--- Available data Enclosed Below ---

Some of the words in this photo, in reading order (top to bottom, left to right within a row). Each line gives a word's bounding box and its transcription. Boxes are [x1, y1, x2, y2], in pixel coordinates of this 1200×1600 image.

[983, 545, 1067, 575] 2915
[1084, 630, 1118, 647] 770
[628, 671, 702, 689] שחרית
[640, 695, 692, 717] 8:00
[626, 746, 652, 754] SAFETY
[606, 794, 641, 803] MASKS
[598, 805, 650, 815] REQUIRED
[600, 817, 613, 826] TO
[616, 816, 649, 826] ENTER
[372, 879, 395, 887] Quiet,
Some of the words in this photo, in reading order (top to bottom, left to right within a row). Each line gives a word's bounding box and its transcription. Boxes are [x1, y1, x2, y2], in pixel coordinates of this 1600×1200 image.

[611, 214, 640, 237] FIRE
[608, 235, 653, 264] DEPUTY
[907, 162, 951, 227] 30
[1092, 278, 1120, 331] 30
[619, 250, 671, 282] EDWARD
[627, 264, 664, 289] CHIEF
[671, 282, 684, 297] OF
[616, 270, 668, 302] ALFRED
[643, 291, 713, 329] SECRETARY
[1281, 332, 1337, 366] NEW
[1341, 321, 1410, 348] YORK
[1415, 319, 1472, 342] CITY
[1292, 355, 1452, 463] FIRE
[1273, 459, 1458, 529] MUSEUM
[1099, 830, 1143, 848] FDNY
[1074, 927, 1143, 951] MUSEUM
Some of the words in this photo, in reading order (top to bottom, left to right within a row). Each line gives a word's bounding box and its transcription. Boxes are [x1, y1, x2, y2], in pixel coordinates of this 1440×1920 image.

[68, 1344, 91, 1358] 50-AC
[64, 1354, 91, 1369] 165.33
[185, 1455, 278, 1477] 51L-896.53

--- End of Enclosed Available data ---

**What this task involves**
From the line holding "this 1440×1920 image." down to the last line of the records above, restate each line exactly as written.

**Finished task**
Some of the words in this photo, in reading order (top to bottom, left to right within a row). Each line gives a word's bounding box and its transcription. Boxes are [x1, y1, x2, y2], in pixel coordinates of this 1440×1920 image.

[68, 1344, 91, 1358] 50-AC
[64, 1354, 91, 1369] 165.33
[185, 1455, 278, 1477] 51L-896.53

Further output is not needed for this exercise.